When the phone call came from a friend, asking me to help chair a massive meeting, I told her I was too busy to do a good job. “The busiest people do the most work,” she cajoled. Within 15 minutes, I had agreed to take on a job on a committee. No one was hired as the committee head, and people kept acting as if I were running the committee. I hated to back out, so I plugged ahead, doing a bad job.

It gets worse. I had just joined the organization, and many of my colleagues were doing great jobs as committee heads. My agreeing to do the work resulted in my looking disorganized, lazy, and incompetent.

Taking on Too Much Is a Recipe for Failure
During the same time, I was planning a move, doing art shows, planning and developing new training classes, working with coaching clients, running training seminars. It was not unusual to log 125 working hours a week.

I love working hard. But I took on a task I could not possibly do well. Because I didn’t want to say “no” to a friend who needed help, I did a bad job, let people down, and damaged my own reputation.

A few days later, I saw a book called The Power of Positive Choices, by Gail McMeekin. It was the subtitle that interested me: “Adding and Subtracting Your Way to a Great Life.” I picked up the small book and began to page through it.

Find the Idea That Solves A Business Problem
As with most self-help books, I’m happy if I can find one helpful idea. And I did. It was the idea of subtraction. Normally, when my business needs a boost, I add a product or develop another training course or speaking idea. Adding something always results in a lot more work. But more work doesn’t always result in more money.

McMeekin’s book brings up the power of subtraction. “The Power of Subtraction” works. McMeekin says, “When we forcefully say ‘No’ to dysfunctional people, toxic workplaces, limiting beliefs, or unhealthy habits, we open up the space to fill our lives with what we long for.”

Here’s what I dropped immediately:

— Products that demanded a lot of administrative work for a mimimum profit

–Training jobs that paid next to nothing but promised “a great marketing opportunity.” Often the opportunity was not clear or unlikely.

Subtract Time- and Money Drainers
The day I created my “subtraction” list, I got a phone call from a church group who wanted me to run my creativity seminar for less than half of my usual fee. “Our group is really worthy,” the events director said. “And if this one works well, we may be able to afford your full fee in the fall.” I was about to agree–after all, how can I turn down a spiritual group whose only fault is a cash pinch.
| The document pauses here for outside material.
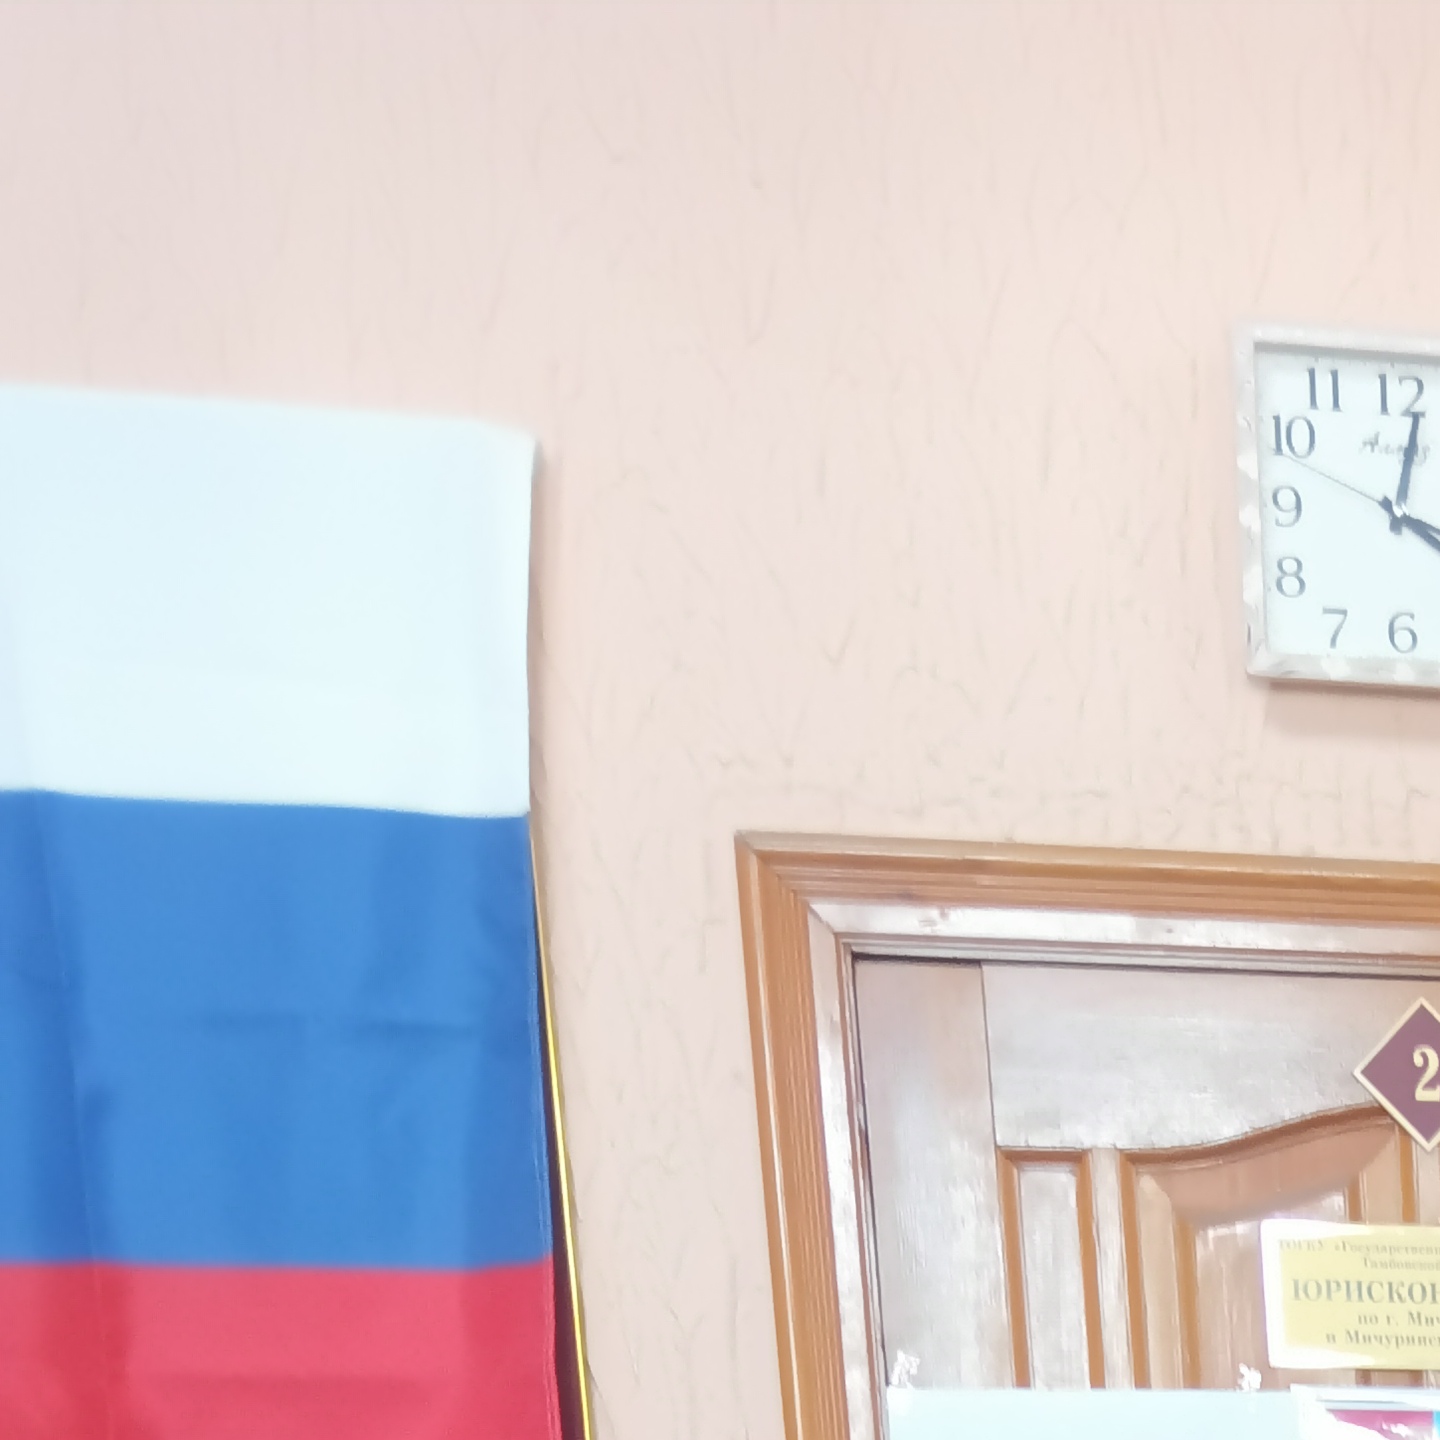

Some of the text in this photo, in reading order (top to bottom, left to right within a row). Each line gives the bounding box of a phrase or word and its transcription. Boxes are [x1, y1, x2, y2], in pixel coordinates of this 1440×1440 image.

Wrong line of thinking. Better line: Could I afford to run the seminar at a loss? And once I taught this course at a loss, could I realistically teach it again at my normal price, which would be more than twice the original church rate? And would the group really come back in the fall and say, “We loved your seminar so much, we will gladly encourage you to charge more than twice as much for this session.” Probably not.

The Power of Subtraction
I turned the seminar down. I kept my business priorities in place, and instead of trying to make her understand, I just kept politely refusing.

Subtracting is a wonderful exercise. Look at what isn’t making money. Instead of pumping money into it, think about the pros and cons of subtracting it. Use the time for marketing your products that are already successful. Often, it’s a quick was to saving time and money.